→ What the exercise asks
Keeping pictures out of the copy, restate each record word for word.

→ Dataset records
--- START ---

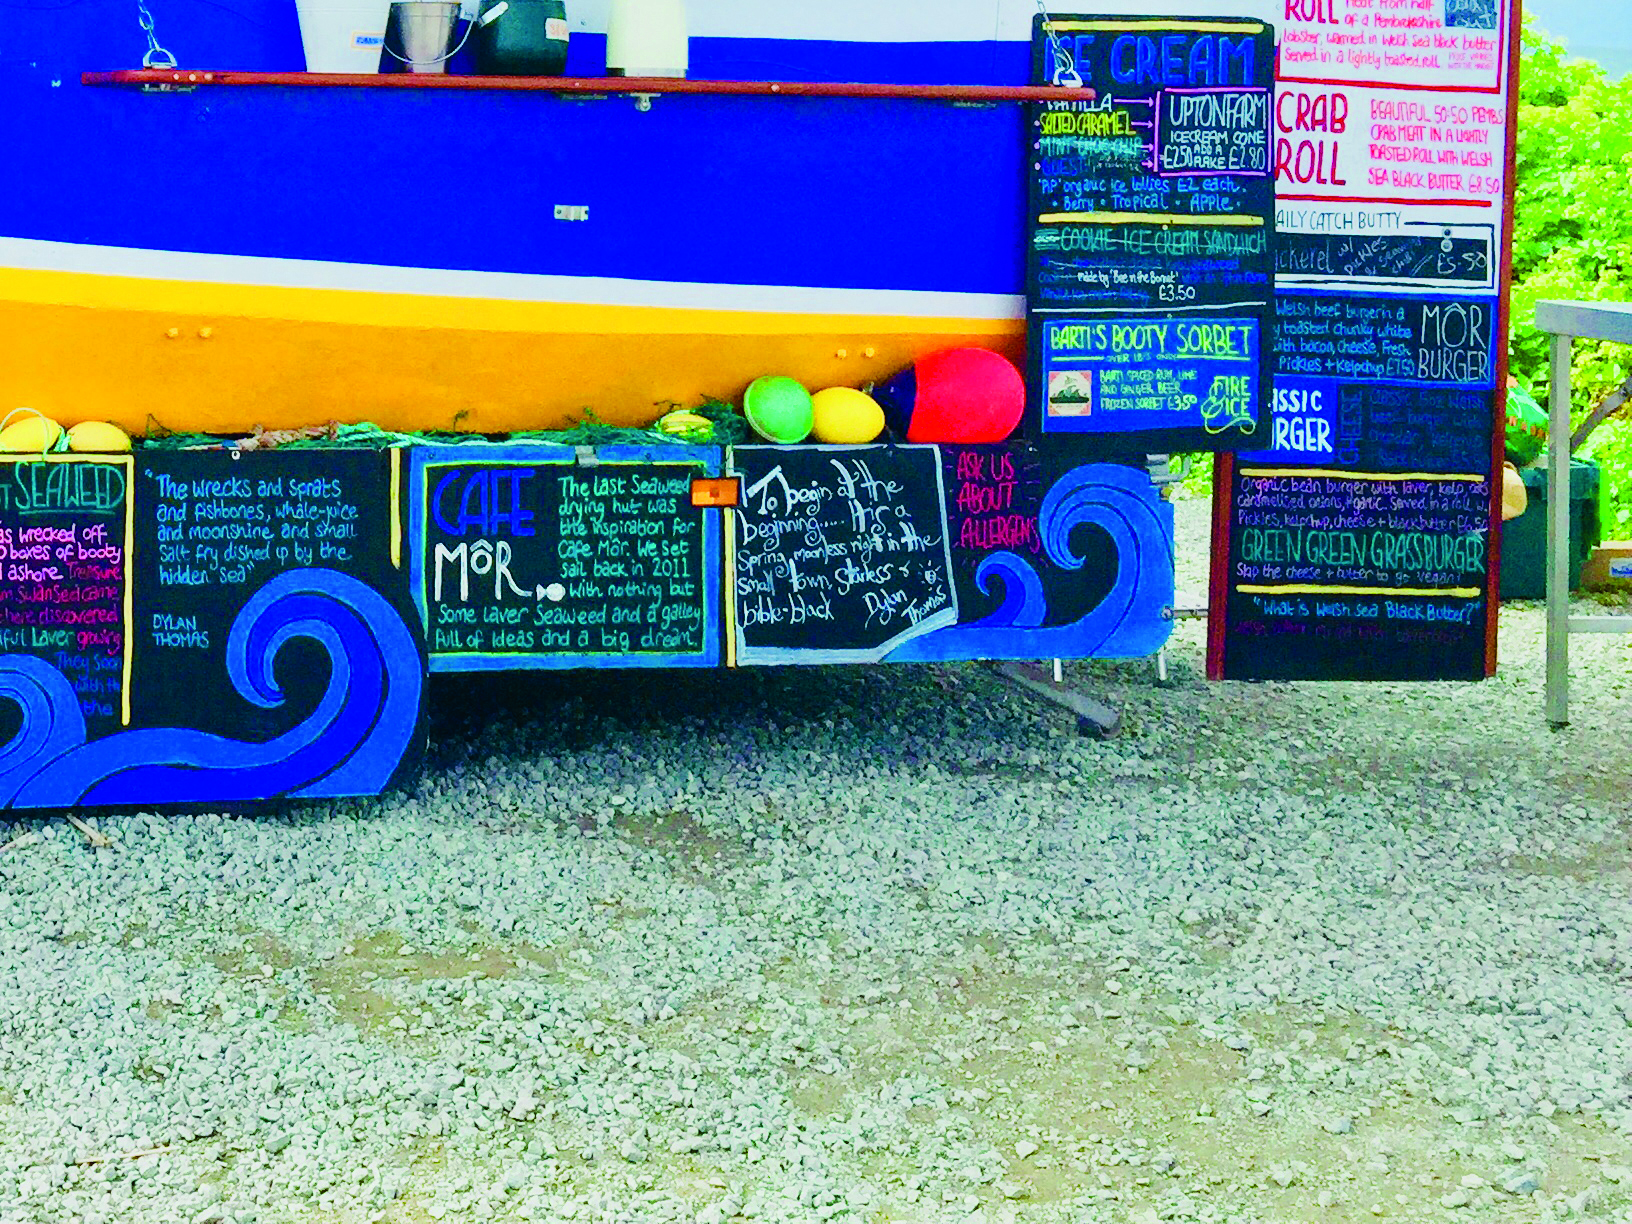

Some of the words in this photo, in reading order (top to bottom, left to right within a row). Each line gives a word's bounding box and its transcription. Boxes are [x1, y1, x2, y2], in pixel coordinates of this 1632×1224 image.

[1110, 35, 1255, 86] CREAM
[1040, 112, 1075, 134] SALTED
[1077, 111, 1136, 136] CARAMEL
[1276, 91, 1348, 133] CRAB
[1233, 130, 1265, 144] CONE
[1229, 146, 1265, 169] £2.80
[1275, 138, 1346, 185] ROLL
[1177, 179, 1199, 192] £2
[1392, 172, 1425, 187] BLACK
[1428, 174, 1464, 190] BUTTER
[1112, 195, 1168, 209] Tropical
[1310, 211, 1353, 228] CATCH
[1358, 211, 1402, 228] BUTTY
[1159, 285, 1196, 301] £3.50
[1112, 325, 1168, 353] BOOTY
[1177, 324, 1252, 355] SORBET
[1418, 348, 1488, 382] BURGER
[1225, 398, 1251, 416] ICE
[957, 451, 987, 481] ASK
[991, 452, 1015, 480] US
[258, 480, 283, 496] and
[956, 482, 1018, 514] ABOUT
[432, 468, 535, 536] CAFE
[961, 514, 1040, 554] ALLERGENS
[1242, 528, 1302, 562] GREEN
[1306, 530, 1367, 566] GREEN
[594, 559, 628, 576] back
[652, 558, 690, 576] 2011
[153, 614, 196, 631] DYLAN
[612, 606, 641, 624] and
[662, 603, 701, 630] galley
[152, 632, 209, 648] THOMAS
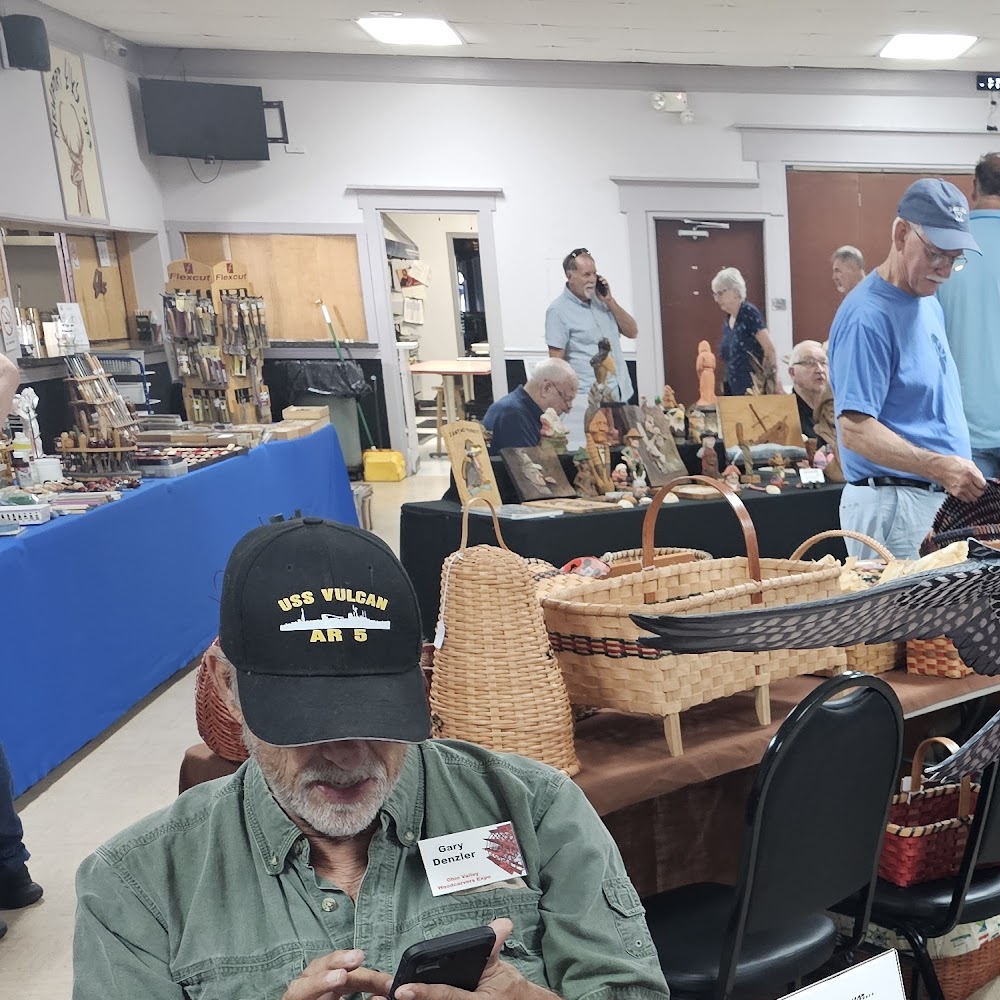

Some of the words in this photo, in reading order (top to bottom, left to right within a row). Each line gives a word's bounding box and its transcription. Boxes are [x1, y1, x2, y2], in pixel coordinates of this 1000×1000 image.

[169, 273, 211, 281] Flexcut
[277, 591, 315, 612] USS
[320, 587, 389, 611] VULCAN
[309, 628, 343, 643] AR
[353, 628, 368, 642] 5
[438, 843, 464, 853] Gary
[432, 851, 476, 866] Denzler
[437, 879, 475, 890] Woodcarvers
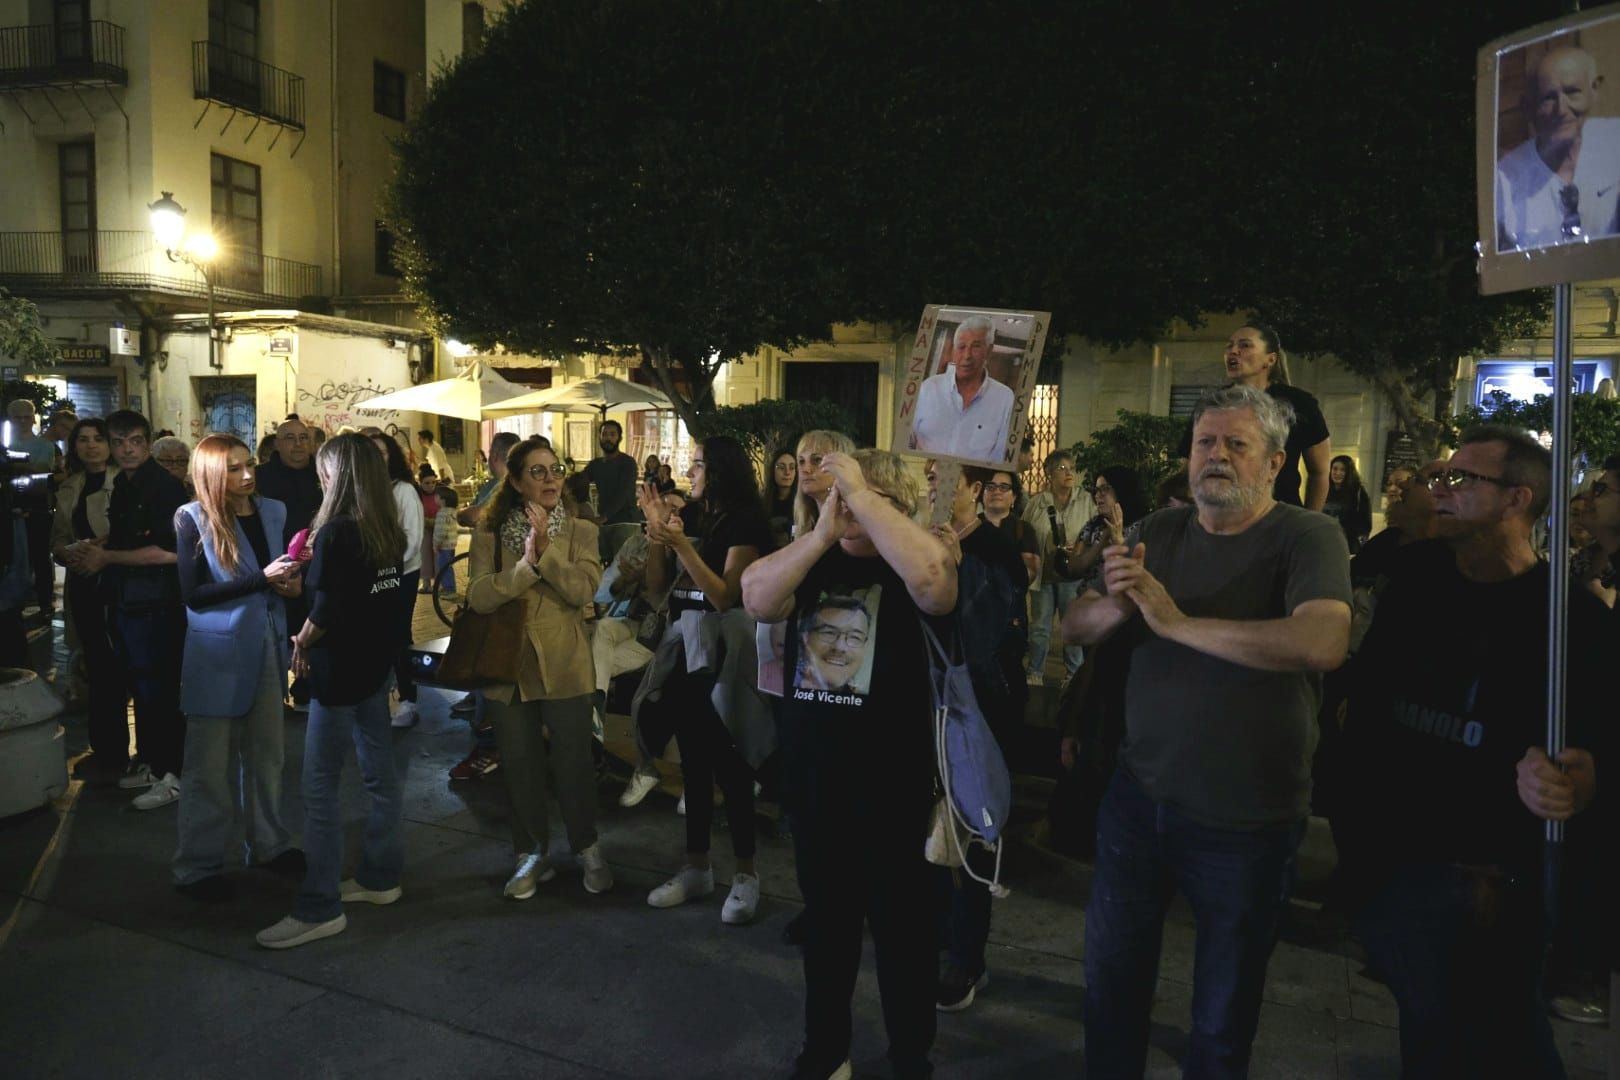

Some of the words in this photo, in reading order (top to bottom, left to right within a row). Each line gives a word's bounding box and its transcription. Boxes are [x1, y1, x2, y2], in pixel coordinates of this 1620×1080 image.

[900, 315, 933, 419] MAZÓN
[793, 688, 815, 701] José
[817, 691, 863, 706] Vicente
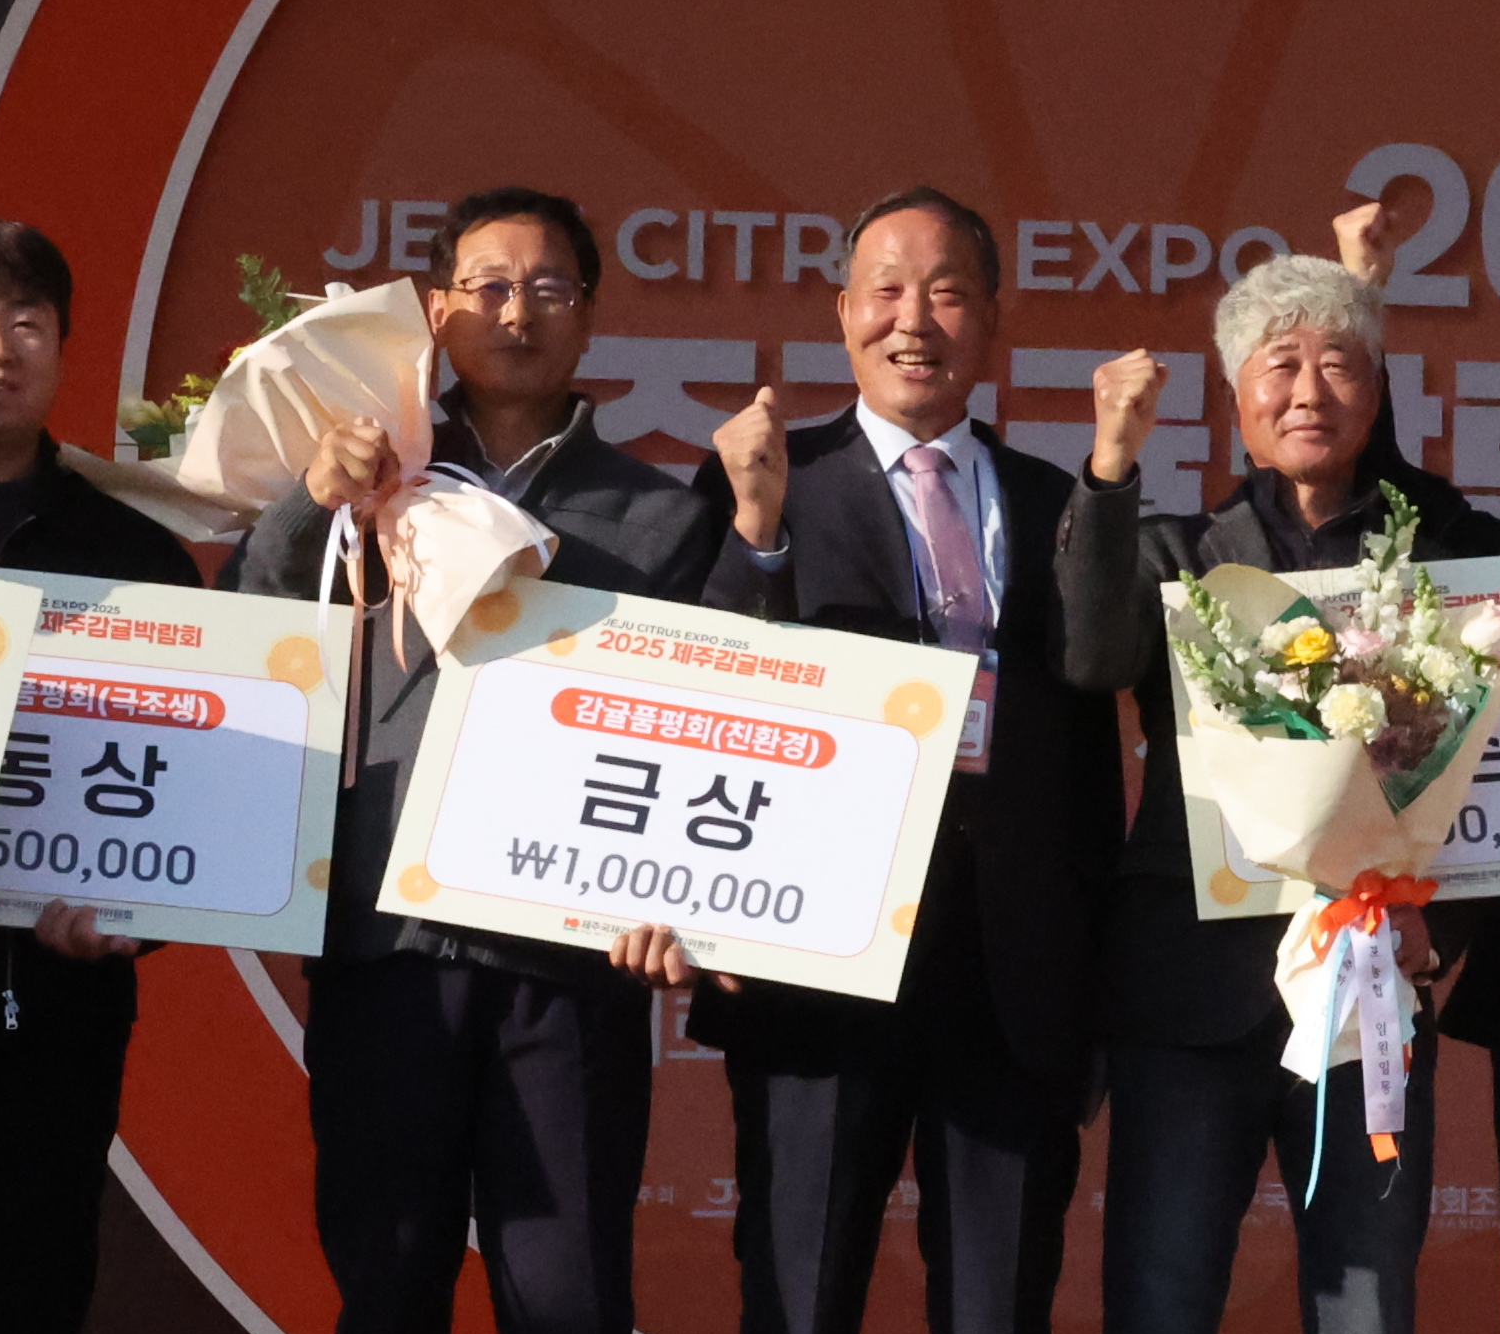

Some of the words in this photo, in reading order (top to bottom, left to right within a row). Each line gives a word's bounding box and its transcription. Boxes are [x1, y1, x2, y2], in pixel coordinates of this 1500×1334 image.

[52, 599, 89, 612] EXPO
[92, 602, 121, 615] 2025
[40, 610, 203, 648] 제주감귤박람회
[602, 617, 635, 631] JEJU
[637, 622, 681, 639] CITRUS
[685, 631, 719, 645] EXPO
[722, 637, 750, 650] 2025
[596, 629, 666, 659] 2025
[669, 641, 827, 688] 제주감귤박람회
[574, 694, 820, 766] 감귤품평회(친환경)

--- END ---

→ Answer to the exercise
Some of the words in this photo, in reading order (top to bottom, left to right within a row). Each line gives a word's bounding box and its transcription. Boxes are [x1, y1, x2, y2], in pixel coordinates of this 1632×1224 image.

[1110, 35, 1255, 86] CREAM
[1040, 112, 1075, 134] SALTED
[1077, 111, 1136, 136] CARAMEL
[1276, 91, 1348, 133] CRAB
[1233, 130, 1265, 144] CONE
[1229, 146, 1265, 169] £2.80
[1275, 138, 1346, 185] ROLL
[1177, 179, 1199, 192] £2
[1392, 172, 1425, 187] BLACK
[1428, 174, 1464, 190] BUTTER
[1112, 195, 1168, 209] Tropical
[1310, 211, 1353, 228] CATCH
[1358, 211, 1402, 228] BUTTY
[1159, 285, 1196, 301] £3.50
[1112, 325, 1168, 353] BOOTY
[1177, 324, 1252, 355] SORBET
[1418, 348, 1488, 382] BURGER
[1225, 398, 1251, 416] ICE
[957, 451, 987, 481] ASK
[991, 452, 1015, 480] US
[258, 480, 283, 496] and
[956, 482, 1018, 514] ABOUT
[432, 468, 535, 536] CAFE
[961, 514, 1040, 554] ALLERGENS
[1242, 528, 1302, 562] GREEN
[1306, 530, 1367, 566] GREEN
[594, 559, 628, 576] back
[652, 558, 690, 576] 2011
[153, 614, 196, 631] DYLAN
[612, 606, 641, 624] and
[662, 603, 701, 630] galley
[152, 632, 209, 648] THOMAS

Some of the words in this photo, in reading order (top to bottom, left to right within a row). Each line gives a word's bounding box and its transcription. Boxes are [x1, y1, x2, y2], in pixel coordinates of this 1000×1000 image.

[169, 273, 211, 281] Flexcut
[277, 591, 315, 612] USS
[320, 587, 389, 611] VULCAN
[309, 628, 343, 643] AR
[353, 628, 368, 642] 5
[438, 843, 464, 853] Gary
[432, 851, 476, 866] Denzler
[437, 879, 475, 890] Woodcarvers

Some of the words in this photo, in reading order (top to bottom, left to right within a row). Each line gives a word's bounding box and its transcription. Boxes are [x1, y1, x2, y2], in pixel coordinates of this 1620×1080 image.

[900, 315, 933, 419] MAZÓN
[793, 688, 815, 701] José
[817, 691, 863, 706] Vicente

Some of the words in this photo, in reading order (top to bottom, left to right within a row). Each line gives a word's bounding box and its transcription. Boxes are [x1, y1, x2, y2], in pixel coordinates of this 1500×1334 image.

[52, 599, 89, 612] EXPO
[92, 602, 121, 615] 2025
[40, 610, 203, 648] 제주감귤박람회
[602, 617, 635, 631] JEJU
[637, 622, 681, 639] CITRUS
[685, 631, 719, 645] EXPO
[722, 637, 750, 650] 2025
[596, 629, 666, 659] 2025
[669, 641, 827, 688] 제주감귤박람회
[574, 694, 820, 766] 감귤품평회(친환경)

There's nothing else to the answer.